### [Assignment]
Please output the records below word for word and omit the pictures.

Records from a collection
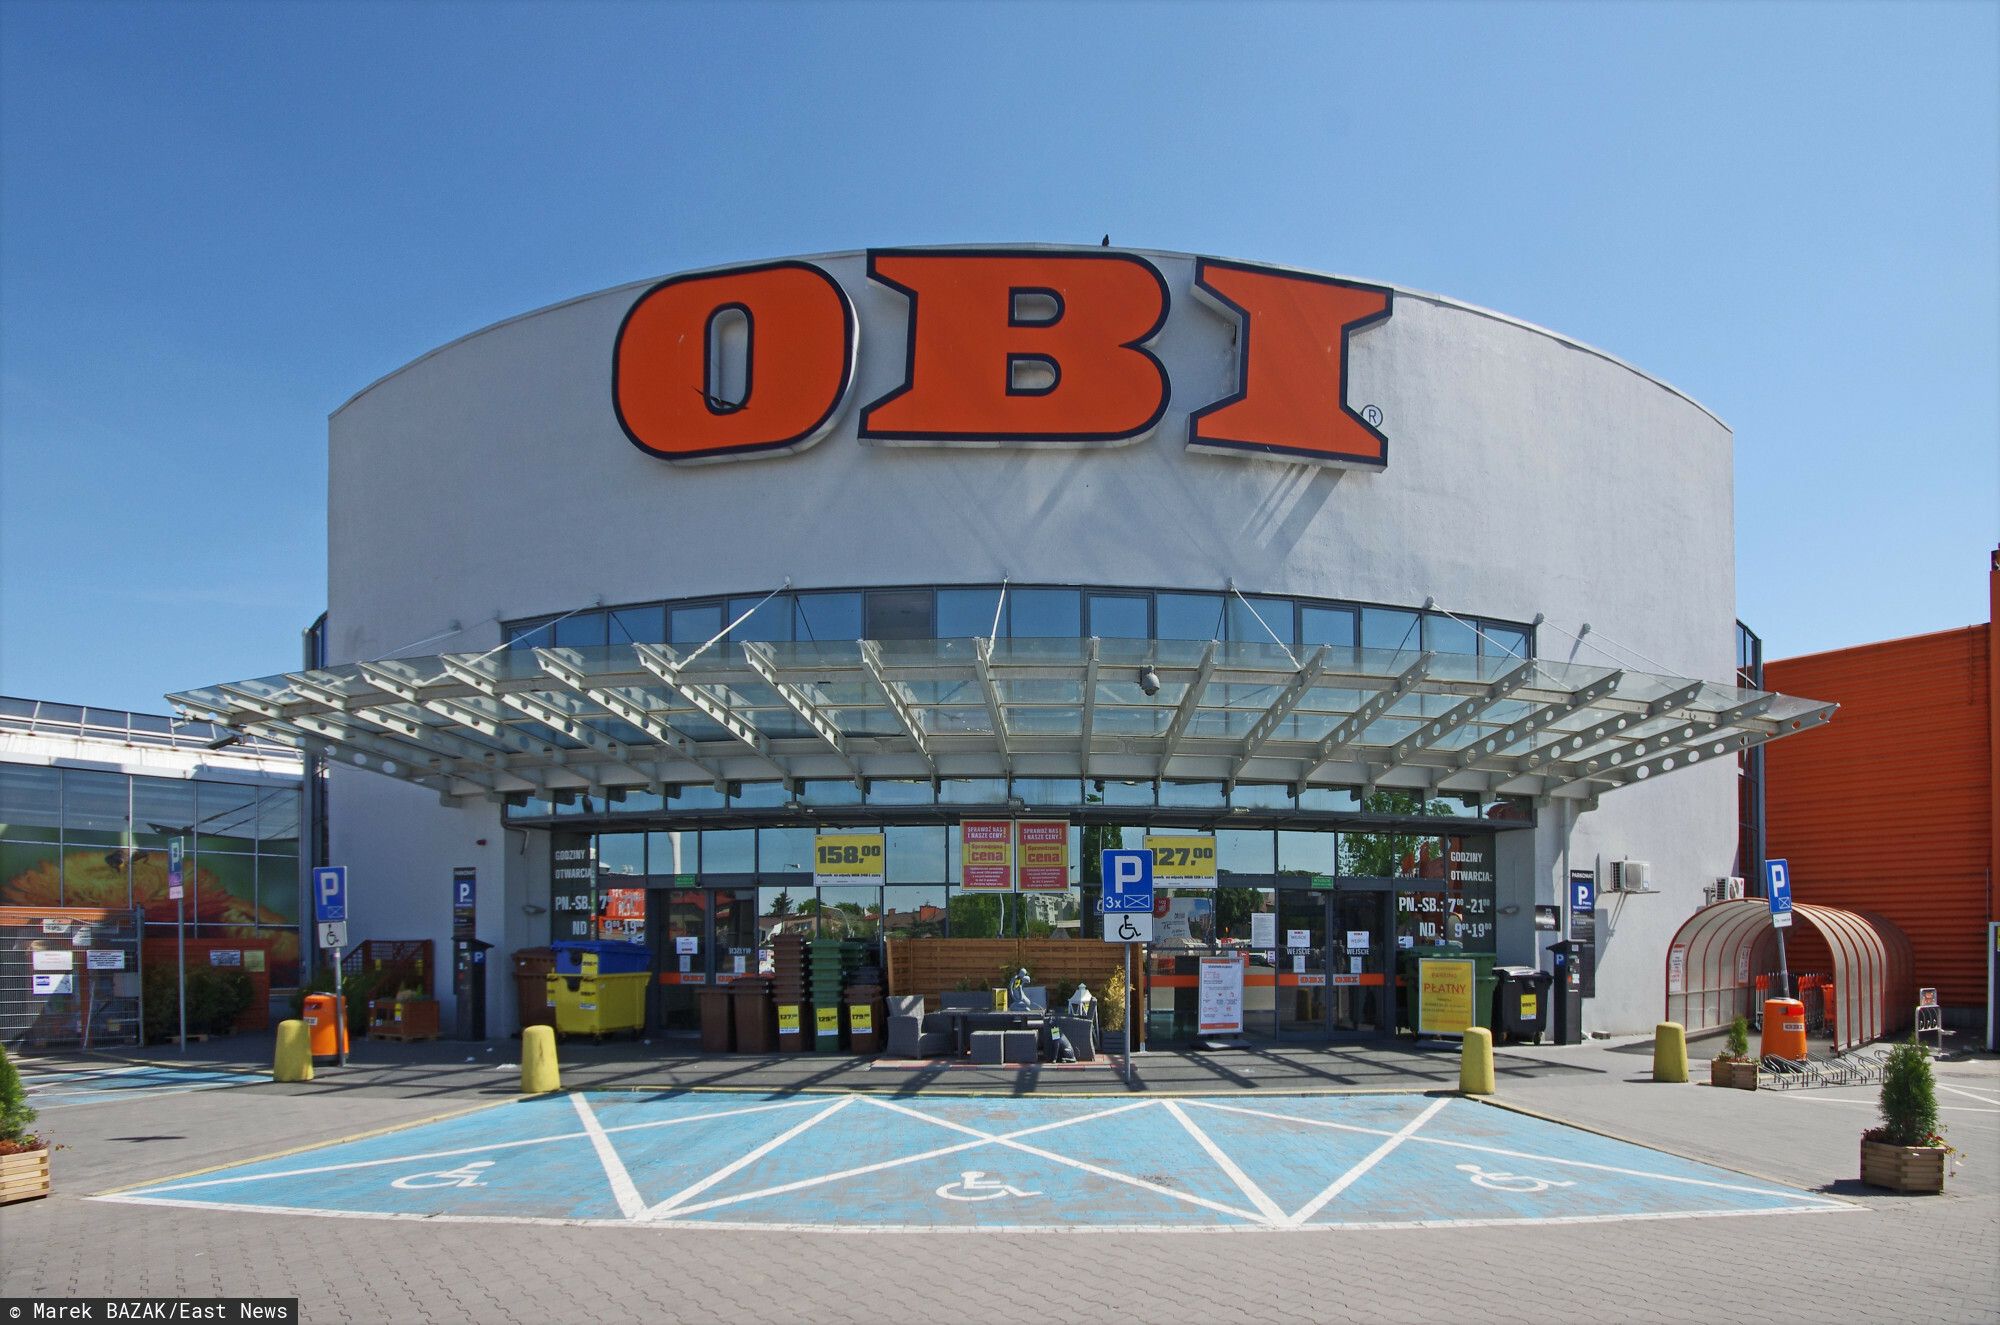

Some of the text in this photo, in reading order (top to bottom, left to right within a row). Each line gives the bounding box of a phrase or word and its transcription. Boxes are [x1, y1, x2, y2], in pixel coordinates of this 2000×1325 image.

[611, 247, 1393, 468] OBI
[555, 850, 585, 860] GODZINY
[971, 851, 1004, 861] cena
[1027, 853, 1060, 863] cena
[1450, 851, 1483, 863] GODZINY
[1114, 855, 1143, 894] P
[1450, 870, 1493, 882] OTWARCIA:
[1771, 864, 1786, 898] P
[321, 871, 340, 906] P
[460, 883, 470, 902] P
[1577, 885, 1589, 905] P
[1105, 896, 1122, 909] 3x
[572, 920, 587, 935] ND
[1556, 954, 1565, 965] P
[1423, 982, 1467, 994] PŁATNY

### [Solution to this task]
Some of the text in this photo, in reading order (top to bottom, left to right within a row). Each line gives the bounding box of a phrase or word and its transcription. Boxes are [x1, y1, x2, y2], in pixel coordinates of this 2000×1325 image.

[611, 247, 1393, 468] OBI
[555, 850, 585, 860] GODZINY
[971, 851, 1004, 861] cena
[1027, 853, 1060, 863] cena
[1450, 851, 1483, 863] GODZINY
[1114, 855, 1143, 894] P
[1450, 870, 1493, 882] OTWARCIA:
[1771, 864, 1786, 898] P
[321, 871, 340, 906] P
[460, 883, 470, 902] P
[1577, 885, 1589, 905] P
[1105, 896, 1122, 909] 3x
[572, 920, 587, 935] ND
[1556, 954, 1565, 965] P
[1423, 982, 1467, 994] PŁATNY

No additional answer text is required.